In this poignant post, guest blogger Rochelle Campbell sheds some light on the challenging journey that it can be for parents of babies and young children as they unravel a puzzling mixture of gifts and sensitivities, often with little information to hand.
From birth we noticed that our daughter was very sensitive to sensory stimuli. On the Maternity Ward she was the baby seemingly constantly wailing, never wanting to sleep, while others slumbered contentedly. She was hyper-alert from the moment of birth, looking around and making eye contact (even the anaesthesiologist commented on it within her first minute of being born).
As a baby she made it very clear that she didn’t like too much noise or visual distraction. She was extremely sensitive to bright light. She often had a strong emotional reaction when anyone other than my husband or I held her. Getting her, and keeping her asleep became an Olympic sport in our home – the only way we could get her to sleep was lying on one of our chests, our arms encircling her. Even then, she had a very strong startle reflex which could shock her awake from the deepest sleep. Seeing other babies of a similar age, we felt she was ‘different’ but, after seeking answers in one parenting book after another, we were none the wiser.
As a toddler, we tried to do various age-appropriate classes – Storytime at the library, toddler music classes and play dates. One of her earliest phrases was ‘go home’ (as in ‘let’s go home’). It was evident she found busy and noisy environments overwhelming to her senses. She also had a high need for personal space which most children her age didn’t share. What was apparently fun for other children her age, was clearly not for her! We accepted and supported her as she was but were still bewildered, confused and alone.
Her auditory sensitivity was especially apparent. She would burst into tears with any loud or unexpected noise (a truck driving past, hair dryer, hand dryer, vacuum cleaner etc). She seemed to require a quieter environment than most other children her age.
Just before her third birthday, I vividly remember stumbling upon a list of ‘Characteristics of Giftedness’ by Dr Linda Silverman in a NZ Ministry of Education book, ‘Nurturing Gifted and Talented Children’. I suppose, by merit of the fact I was even reading the book, I must have had some sort of suspicion. Reading through the list, she displayed 24 of the 25 characteristics. Finally, I thought, we have our answer!

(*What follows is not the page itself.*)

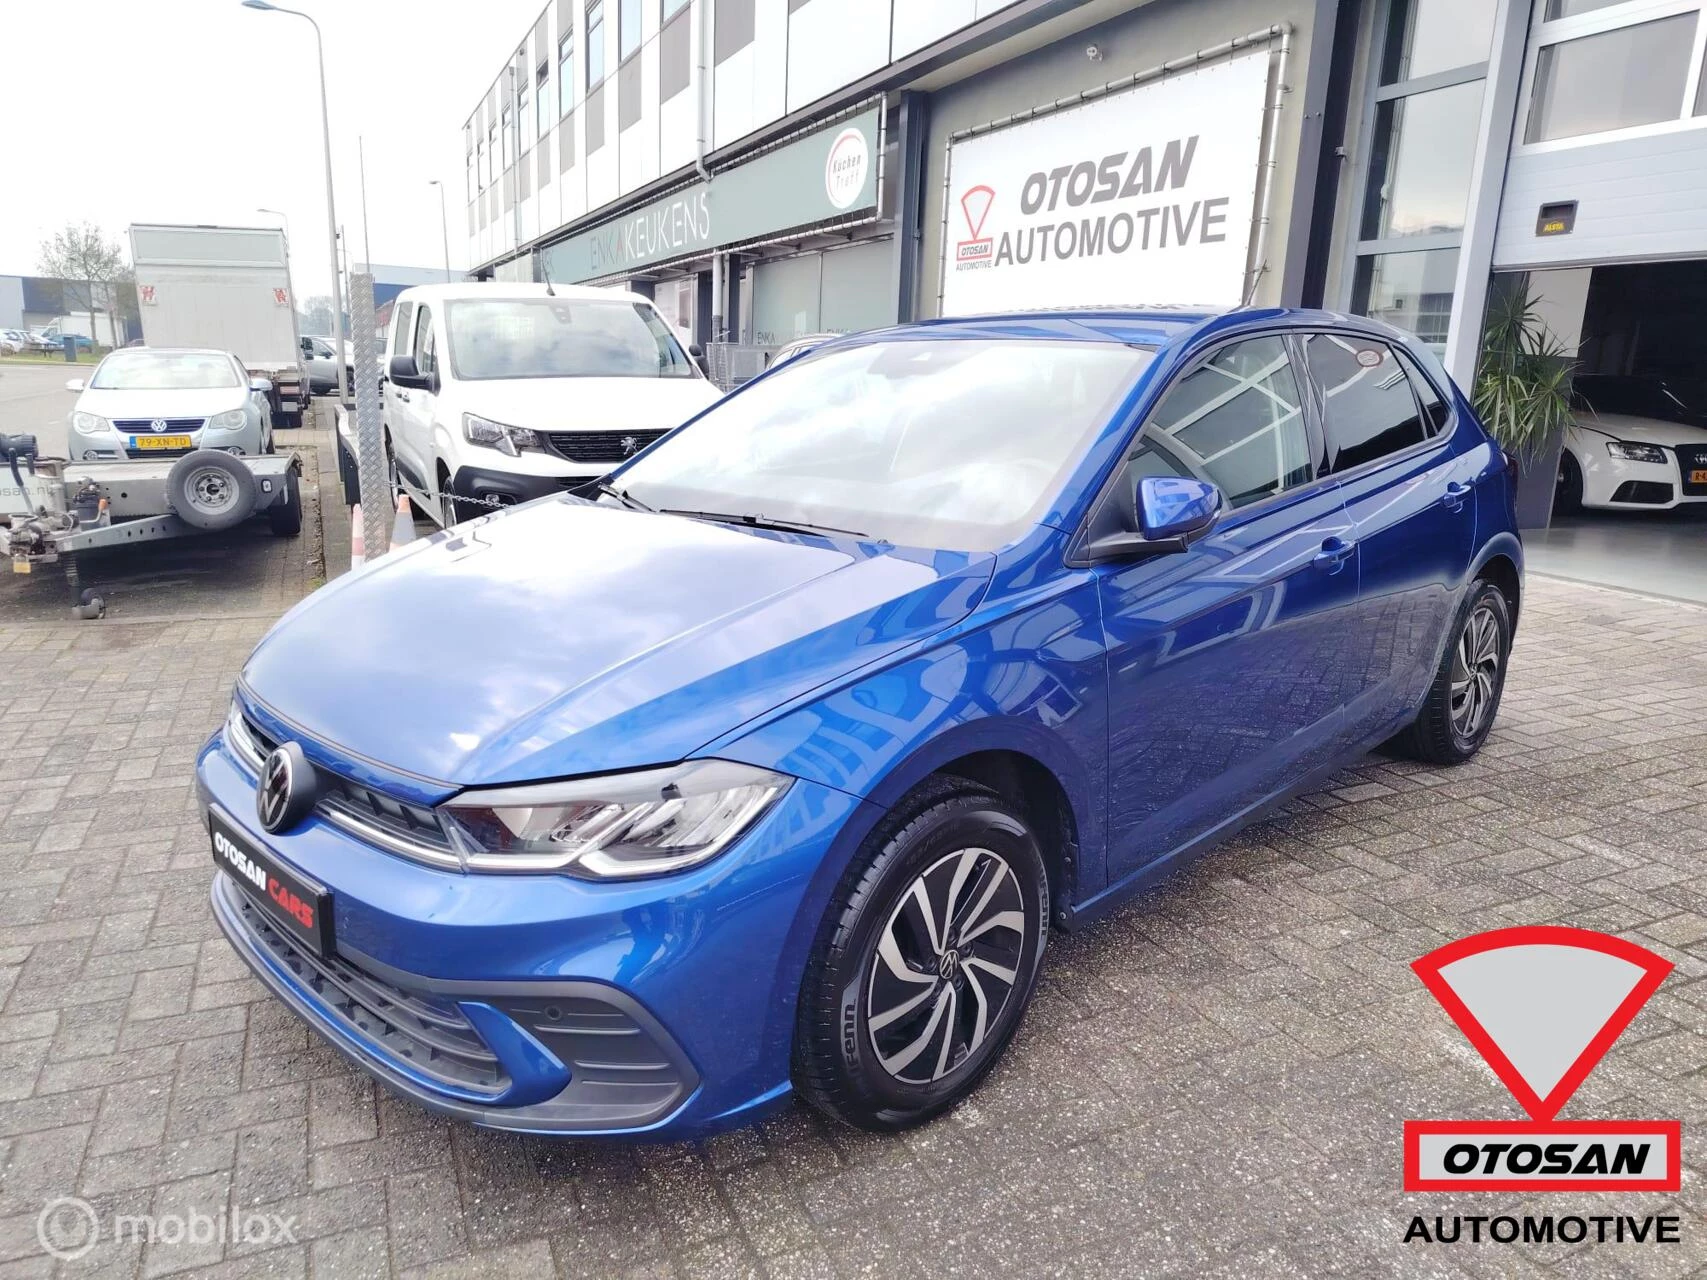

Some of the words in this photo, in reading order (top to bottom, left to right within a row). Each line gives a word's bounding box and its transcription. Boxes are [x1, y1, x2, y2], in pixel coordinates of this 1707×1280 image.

We had her tested by an Educational Psychologist just after her third birthday which confirmed what I already knew – her Giftedness. We still don’t know how highly she could have tested because she didn’t bond with the tester, had a cold and reached a point where she simply refused to answer any more questions despite knowing the answers. She was tired, bored and wanted to go home. She was tested to the point where her Giftedness was apparent though which was all we wanted as confirmation.
I started to research Giftedness and it became clear we would need to be knowledgeable and strong advocates for her. I read and read all that I could so I could better understand her Giftedness (and what I now realised was also my, and her Dad’s, Giftedness too). I read about Dabrowski’s Overexcitabilities and could intuitively appreciate the effects they had on her behaviour, especially her sensory responses.
From my research, we understood the importance of her being able to socialise with other Gifted children at times. We briefly tried a weekly Gifted preschool class but, perhaps predictably, she said she found it too noisy. The teacher, well respected and with many years’ experience of teaching Gifted children, told her it wasn’t noisy. Their sensory experiences were simply different.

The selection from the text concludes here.